Should I screen my otherwise healthy children for cholesterol?

A.

I have two thoughts about this. First, how worried should we be about cholesterol in kids, and second, how much screening should we do?

Usually we think about cholesterol as being bad, and generally when it is high, this is so. But a more accurate way would be to know whether our blood lipids are off. The talk of "good cholesterol" and "bad cholesterol" is valid. But the most important factor in your blood lipid profile is your genetics. There is not that much you can do with diet and exercise.

New recommendations from the American Academy of Pediatrics are to screen kids who have a family history of abnormal lipid profile, plus any child who has a close relative with an early cardiac event (younger than 55 for males, younger than 65 for females). Also, any child who is above the 85th percentile for body mass index should be screened.

Kids who fall into these categories should be screened twice between age 2 and 10. The organization also recommends no more whole milk for children starting at 1 year old.

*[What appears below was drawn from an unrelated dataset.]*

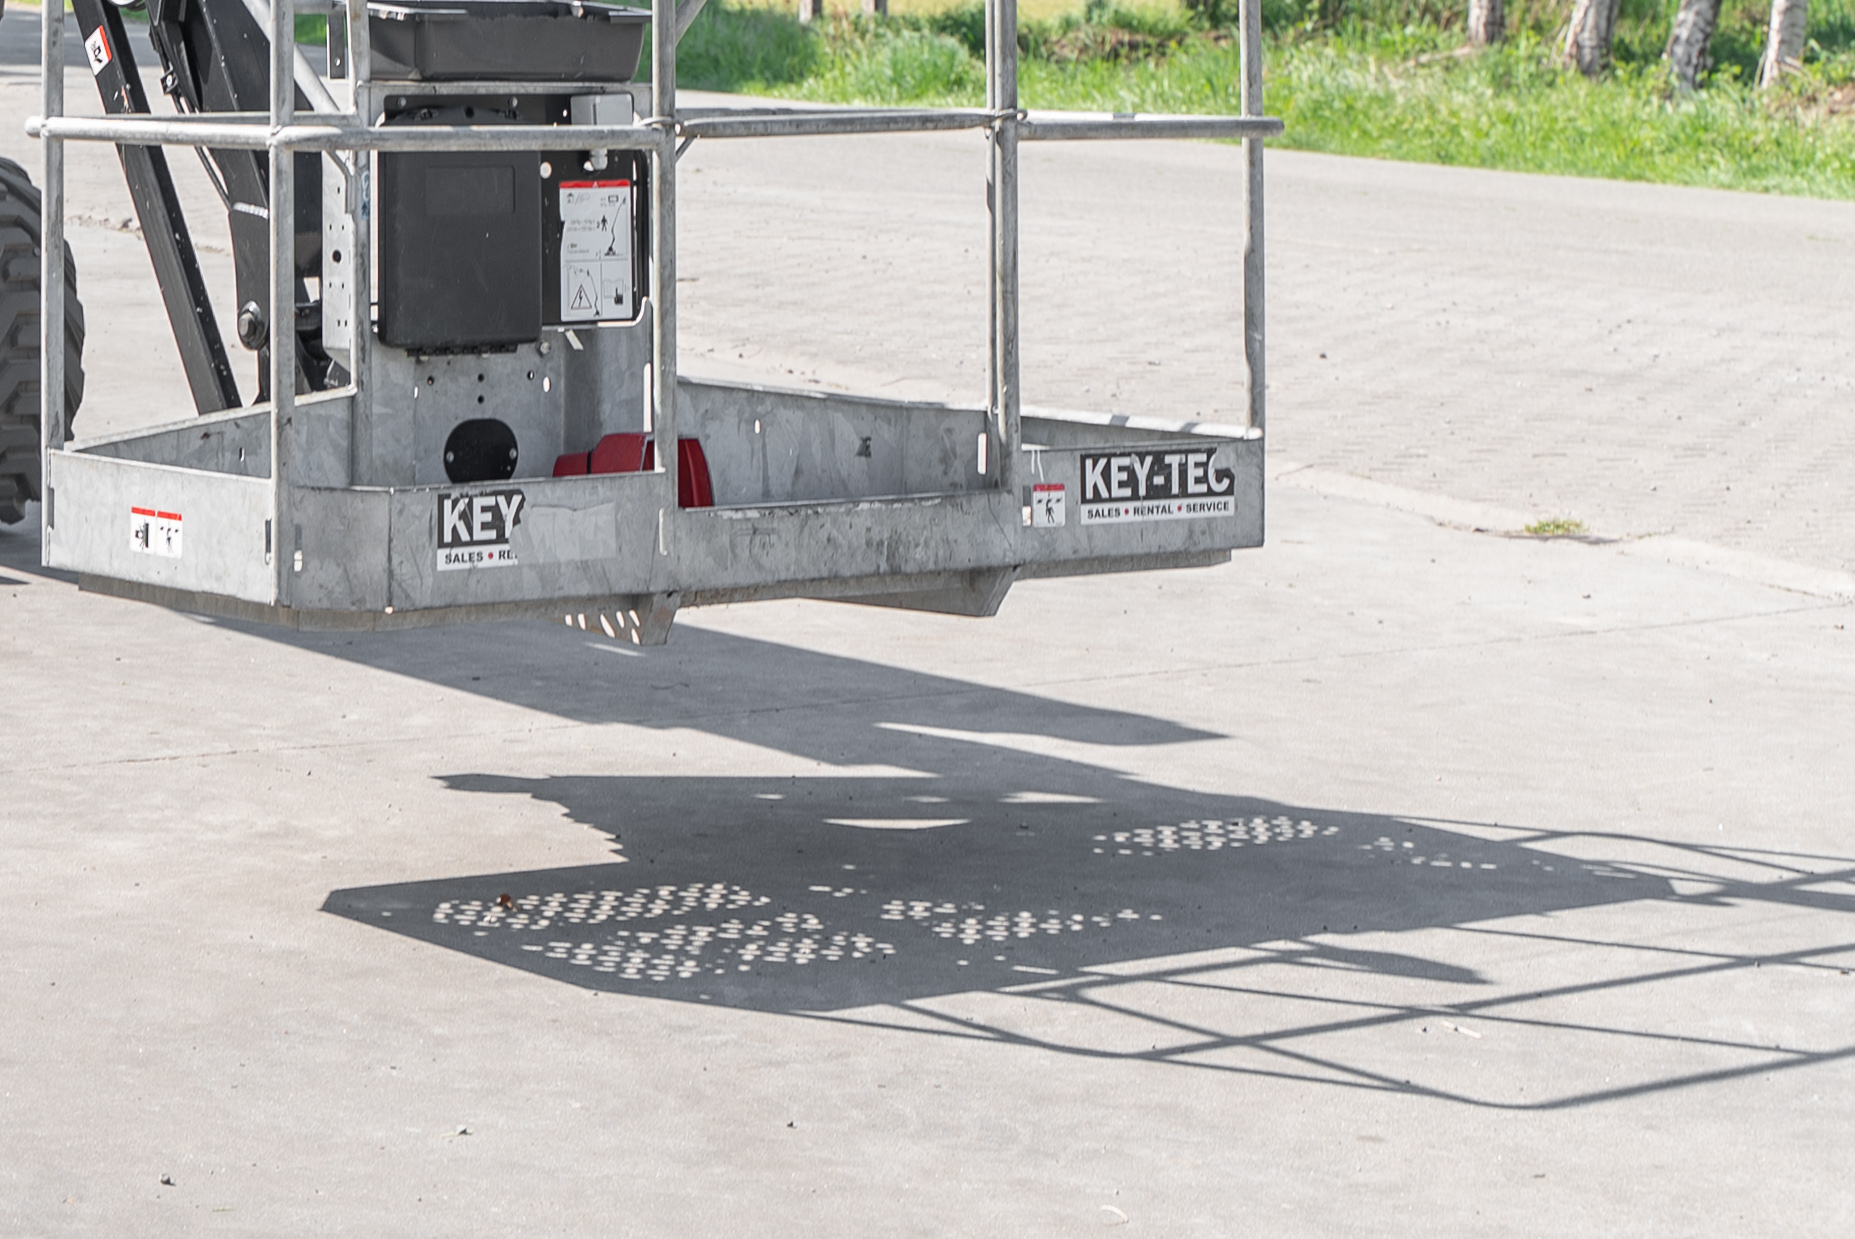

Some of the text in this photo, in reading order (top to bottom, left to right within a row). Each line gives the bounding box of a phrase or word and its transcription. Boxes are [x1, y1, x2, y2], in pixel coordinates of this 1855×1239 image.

[1085, 453, 1230, 500] KEY-TEC
[443, 494, 523, 544] KEY
[1087, 501, 1229, 519] SALES RENTAL SERVICE
[445, 551, 484, 564] SALES
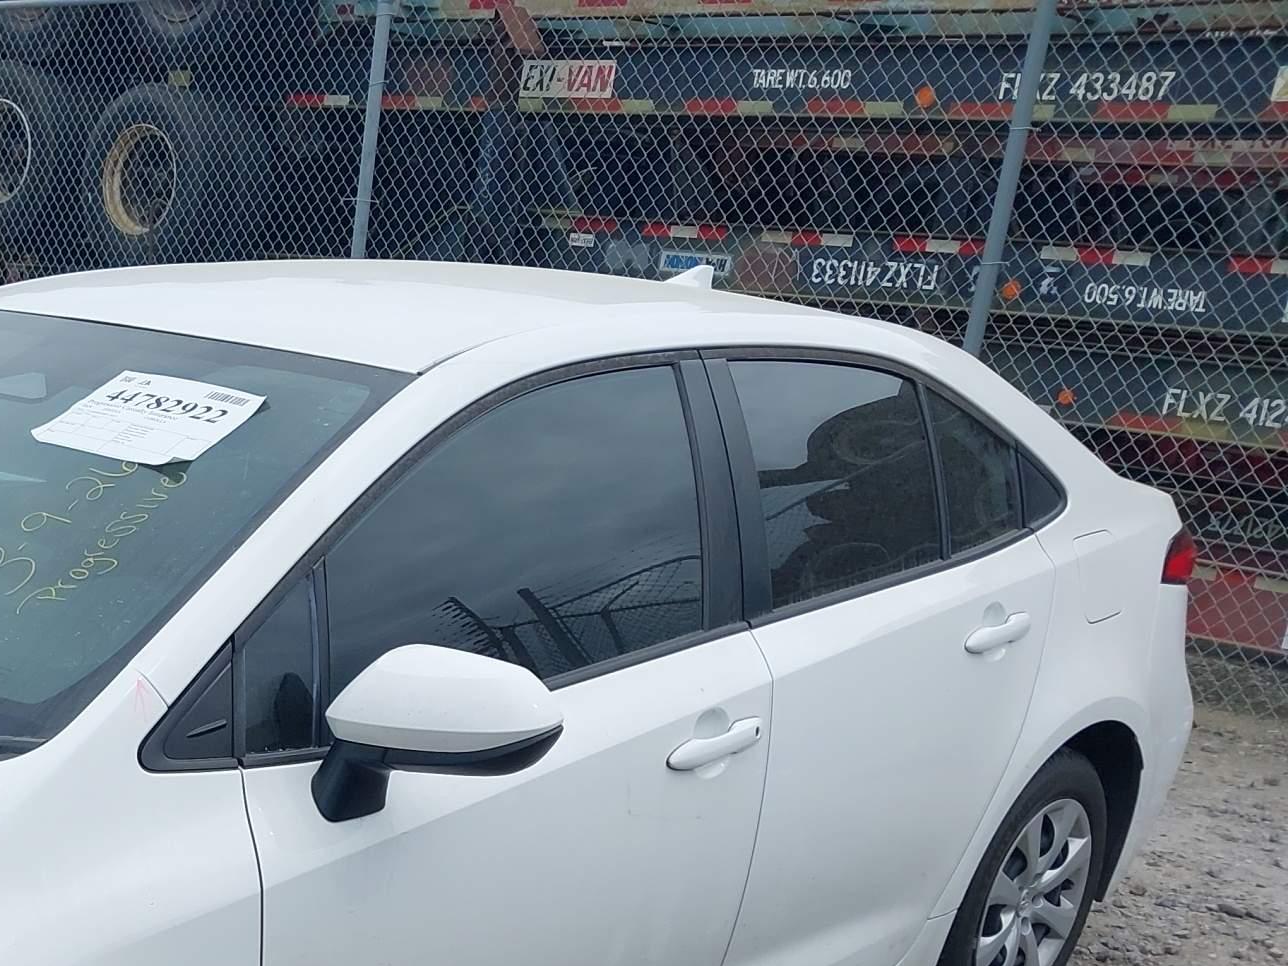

What has spurred this is the idea that we should be using more anti-cholesterol drugs in childhood. While I am dubious that diet would do much good to change abnormal lipid profiles, it's also a little out of place that someone might be on a statin drug for decades. I would like to see more data.

Exercise is always a good idea in any family with coronary artery disease.

So why screen? I remember vividly a 5-year-old girl whose father had had a heart attack at an early age. He had abnormal lipids. So we screened her, and her lipids came back as bad as her dad's. But after consulting with cardiologists, nutritionists and endocrinologists, we did nothing. Everyone was distraught. This family likely felt a little more urgency to do the things we all should do: eat right, get exercise, sleep, etc. But I am not sure if it did a lot of good or not. We, meaning the medical profession, are in a screening frenzy these days. All of the screens presently in use have their benefits. Isn't it better to know something than not know it? However, there can be a downside to this bevy of screening, mostly in worry and stress.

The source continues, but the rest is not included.